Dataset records
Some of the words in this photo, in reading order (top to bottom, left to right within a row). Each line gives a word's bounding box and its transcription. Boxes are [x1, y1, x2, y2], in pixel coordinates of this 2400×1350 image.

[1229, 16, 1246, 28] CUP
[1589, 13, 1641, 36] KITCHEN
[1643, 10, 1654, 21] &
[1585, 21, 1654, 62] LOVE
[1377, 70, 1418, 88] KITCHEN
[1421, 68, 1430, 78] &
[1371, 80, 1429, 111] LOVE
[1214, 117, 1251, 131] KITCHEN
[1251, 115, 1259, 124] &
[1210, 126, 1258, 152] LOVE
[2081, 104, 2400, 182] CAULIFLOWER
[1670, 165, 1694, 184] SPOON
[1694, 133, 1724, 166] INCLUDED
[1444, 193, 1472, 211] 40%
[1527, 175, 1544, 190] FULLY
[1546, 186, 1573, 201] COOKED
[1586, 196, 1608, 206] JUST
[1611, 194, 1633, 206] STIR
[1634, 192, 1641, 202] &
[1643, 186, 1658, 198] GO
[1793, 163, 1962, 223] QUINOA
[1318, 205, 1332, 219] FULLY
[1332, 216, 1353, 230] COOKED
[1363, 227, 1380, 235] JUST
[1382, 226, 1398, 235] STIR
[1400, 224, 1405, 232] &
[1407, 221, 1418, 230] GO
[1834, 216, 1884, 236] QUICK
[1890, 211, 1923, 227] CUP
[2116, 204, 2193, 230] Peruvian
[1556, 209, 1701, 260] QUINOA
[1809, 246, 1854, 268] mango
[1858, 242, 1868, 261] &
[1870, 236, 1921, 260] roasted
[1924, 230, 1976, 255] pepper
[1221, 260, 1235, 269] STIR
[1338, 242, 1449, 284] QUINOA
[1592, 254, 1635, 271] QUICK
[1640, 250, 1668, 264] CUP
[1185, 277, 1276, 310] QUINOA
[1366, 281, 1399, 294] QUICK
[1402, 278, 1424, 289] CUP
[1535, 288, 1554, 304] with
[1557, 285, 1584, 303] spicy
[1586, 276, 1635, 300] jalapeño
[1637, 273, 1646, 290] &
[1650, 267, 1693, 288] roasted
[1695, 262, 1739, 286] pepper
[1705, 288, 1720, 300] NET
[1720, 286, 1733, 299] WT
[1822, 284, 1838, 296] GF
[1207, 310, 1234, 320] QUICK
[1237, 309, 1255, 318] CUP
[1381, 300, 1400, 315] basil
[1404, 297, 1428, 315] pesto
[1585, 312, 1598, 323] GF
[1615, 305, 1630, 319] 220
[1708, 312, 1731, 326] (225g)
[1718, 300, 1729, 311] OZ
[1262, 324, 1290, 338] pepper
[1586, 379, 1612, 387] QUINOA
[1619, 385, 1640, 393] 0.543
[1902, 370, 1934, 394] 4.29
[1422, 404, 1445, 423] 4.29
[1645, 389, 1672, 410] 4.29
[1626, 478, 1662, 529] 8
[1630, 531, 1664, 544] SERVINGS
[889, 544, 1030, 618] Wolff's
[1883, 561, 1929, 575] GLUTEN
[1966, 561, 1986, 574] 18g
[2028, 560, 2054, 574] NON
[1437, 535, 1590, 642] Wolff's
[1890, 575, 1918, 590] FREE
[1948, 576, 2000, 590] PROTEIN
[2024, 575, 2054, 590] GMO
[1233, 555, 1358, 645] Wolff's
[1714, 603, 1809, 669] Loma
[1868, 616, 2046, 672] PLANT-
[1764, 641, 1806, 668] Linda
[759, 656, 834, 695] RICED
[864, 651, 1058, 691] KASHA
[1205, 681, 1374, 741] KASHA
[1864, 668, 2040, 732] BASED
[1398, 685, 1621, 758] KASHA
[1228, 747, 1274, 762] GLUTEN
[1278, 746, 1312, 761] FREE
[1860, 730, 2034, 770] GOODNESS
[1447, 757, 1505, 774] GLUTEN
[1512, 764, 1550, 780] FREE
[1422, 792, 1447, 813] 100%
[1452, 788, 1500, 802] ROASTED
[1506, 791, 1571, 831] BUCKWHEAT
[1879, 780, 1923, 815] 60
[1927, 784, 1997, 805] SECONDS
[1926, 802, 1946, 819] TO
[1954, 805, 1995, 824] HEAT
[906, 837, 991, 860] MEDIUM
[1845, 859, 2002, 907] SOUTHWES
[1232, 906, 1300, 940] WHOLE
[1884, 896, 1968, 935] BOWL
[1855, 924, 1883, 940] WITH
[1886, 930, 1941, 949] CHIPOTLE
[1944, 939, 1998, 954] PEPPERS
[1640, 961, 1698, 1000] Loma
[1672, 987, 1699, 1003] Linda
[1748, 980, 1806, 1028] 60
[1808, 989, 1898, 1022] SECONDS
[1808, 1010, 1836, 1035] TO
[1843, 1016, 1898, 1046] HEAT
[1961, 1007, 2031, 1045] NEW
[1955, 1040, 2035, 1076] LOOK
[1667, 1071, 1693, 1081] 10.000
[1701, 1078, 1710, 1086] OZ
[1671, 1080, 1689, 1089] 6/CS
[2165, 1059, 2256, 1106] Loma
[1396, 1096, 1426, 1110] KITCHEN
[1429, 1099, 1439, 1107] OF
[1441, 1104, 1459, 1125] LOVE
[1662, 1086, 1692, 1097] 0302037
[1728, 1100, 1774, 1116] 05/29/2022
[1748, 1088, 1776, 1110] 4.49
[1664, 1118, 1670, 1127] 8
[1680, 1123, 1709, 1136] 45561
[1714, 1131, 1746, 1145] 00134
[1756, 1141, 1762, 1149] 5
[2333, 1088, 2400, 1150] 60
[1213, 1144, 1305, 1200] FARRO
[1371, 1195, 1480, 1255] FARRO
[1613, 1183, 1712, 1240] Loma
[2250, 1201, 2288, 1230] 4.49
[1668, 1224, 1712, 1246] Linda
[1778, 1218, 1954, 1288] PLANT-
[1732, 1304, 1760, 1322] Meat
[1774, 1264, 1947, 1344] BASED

- WORK REQUIRED: Copy each entry above exactly, leaving nothing out.

- SOLUTION FOR THIS EXERCISE:
Some of the words in this photo, in reading order (top to bottom, left to right within a row). Each line gives a word's bounding box and its transcription. Boxes are [x1, y1, x2, y2], in pixel coordinates of this 2400×1350 image.

[1229, 16, 1246, 28] CUP
[1589, 13, 1641, 36] KITCHEN
[1643, 10, 1654, 21] &
[1585, 21, 1654, 62] LOVE
[1377, 70, 1418, 88] KITCHEN
[1421, 68, 1430, 78] &
[1371, 80, 1429, 111] LOVE
[1214, 117, 1251, 131] KITCHEN
[1251, 115, 1259, 124] &
[1210, 126, 1258, 152] LOVE
[2081, 104, 2400, 182] CAULIFLOWER
[1670, 165, 1694, 184] SPOON
[1694, 133, 1724, 166] INCLUDED
[1444, 193, 1472, 211] 40%
[1527, 175, 1544, 190] FULLY
[1546, 186, 1573, 201] COOKED
[1586, 196, 1608, 206] JUST
[1611, 194, 1633, 206] STIR
[1634, 192, 1641, 202] &
[1643, 186, 1658, 198] GO
[1793, 163, 1962, 223] QUINOA
[1318, 205, 1332, 219] FULLY
[1332, 216, 1353, 230] COOKED
[1363, 227, 1380, 235] JUST
[1382, 226, 1398, 235] STIR
[1400, 224, 1405, 232] &
[1407, 221, 1418, 230] GO
[1834, 216, 1884, 236] QUICK
[1890, 211, 1923, 227] CUP
[2116, 204, 2193, 230] Peruvian
[1556, 209, 1701, 260] QUINOA
[1809, 246, 1854, 268] mango
[1858, 242, 1868, 261] &
[1870, 236, 1921, 260] roasted
[1924, 230, 1976, 255] pepper
[1221, 260, 1235, 269] STIR
[1338, 242, 1449, 284] QUINOA
[1592, 254, 1635, 271] QUICK
[1640, 250, 1668, 264] CUP
[1185, 277, 1276, 310] QUINOA
[1366, 281, 1399, 294] QUICK
[1402, 278, 1424, 289] CUP
[1535, 288, 1554, 304] with
[1557, 285, 1584, 303] spicy
[1586, 276, 1635, 300] jalapeño
[1637, 273, 1646, 290] &
[1650, 267, 1693, 288] roasted
[1695, 262, 1739, 286] pepper
[1705, 288, 1720, 300] NET
[1720, 286, 1733, 299] WT
[1822, 284, 1838, 296] GF
[1207, 310, 1234, 320] QUICK
[1237, 309, 1255, 318] CUP
[1381, 300, 1400, 315] basil
[1404, 297, 1428, 315] pesto
[1585, 312, 1598, 323] GF
[1615, 305, 1630, 319] 220
[1708, 312, 1731, 326] (225g)
[1718, 300, 1729, 311] OZ
[1262, 324, 1290, 338] pepper
[1586, 379, 1612, 387] QUINOA
[1619, 385, 1640, 393] 0.543
[1902, 370, 1934, 394] 4.29
[1422, 404, 1445, 423] 4.29
[1645, 389, 1672, 410] 4.29
[1626, 478, 1662, 529] 8
[1630, 531, 1664, 544] SERVINGS
[889, 544, 1030, 618] Wolff's
[1883, 561, 1929, 575] GLUTEN
[1966, 561, 1986, 574] 18g
[2028, 560, 2054, 574] NON
[1437, 535, 1590, 642] Wolff's
[1890, 575, 1918, 590] FREE
[1948, 576, 2000, 590] PROTEIN
[2024, 575, 2054, 590] GMO
[1233, 555, 1358, 645] Wolff's
[1714, 603, 1809, 669] Loma
[1868, 616, 2046, 672] PLANT-
[1764, 641, 1806, 668] Linda
[759, 656, 834, 695] RICED
[864, 651, 1058, 691] KASHA
[1205, 681, 1374, 741] KASHA
[1864, 668, 2040, 732] BASED
[1398, 685, 1621, 758] KASHA
[1228, 747, 1274, 762] GLUTEN
[1278, 746, 1312, 761] FREE
[1860, 730, 2034, 770] GOODNESS
[1447, 757, 1505, 774] GLUTEN
[1512, 764, 1550, 780] FREE
[1422, 792, 1447, 813] 100%
[1452, 788, 1500, 802] ROASTED
[1506, 791, 1571, 831] BUCKWHEAT
[1879, 780, 1923, 815] 60
[1927, 784, 1997, 805] SECONDS
[1926, 802, 1946, 819] TO
[1954, 805, 1995, 824] HEAT
[906, 837, 991, 860] MEDIUM
[1845, 859, 2002, 907] SOUTHWES
[1232, 906, 1300, 940] WHOLE
[1884, 896, 1968, 935] BOWL
[1855, 924, 1883, 940] WITH
[1886, 930, 1941, 949] CHIPOTLE
[1944, 939, 1998, 954] PEPPERS
[1640, 961, 1698, 1000] Loma
[1672, 987, 1699, 1003] Linda
[1748, 980, 1806, 1028] 60
[1808, 989, 1898, 1022] SECONDS
[1808, 1010, 1836, 1035] TO
[1843, 1016, 1898, 1046] HEAT
[1961, 1007, 2031, 1045] NEW
[1955, 1040, 2035, 1076] LOOK
[1667, 1071, 1693, 1081] 10.000
[1701, 1078, 1710, 1086] OZ
[1671, 1080, 1689, 1089] 6/CS
[2165, 1059, 2256, 1106] Loma
[1396, 1096, 1426, 1110] KITCHEN
[1429, 1099, 1439, 1107] OF
[1441, 1104, 1459, 1125] LOVE
[1662, 1086, 1692, 1097] 0302037
[1728, 1100, 1774, 1116] 05/29/2022
[1748, 1088, 1776, 1110] 4.49
[1664, 1118, 1670, 1127] 8
[1680, 1123, 1709, 1136] 45561
[1714, 1131, 1746, 1145] 00134
[1756, 1141, 1762, 1149] 5
[2333, 1088, 2400, 1150] 60
[1213, 1144, 1305, 1200] FARRO
[1371, 1195, 1480, 1255] FARRO
[1613, 1183, 1712, 1240] Loma
[2250, 1201, 2288, 1230] 4.49
[1668, 1224, 1712, 1246] Linda
[1778, 1218, 1954, 1288] PLANT-
[1732, 1304, 1760, 1322] Meat
[1774, 1264, 1947, 1344] BASED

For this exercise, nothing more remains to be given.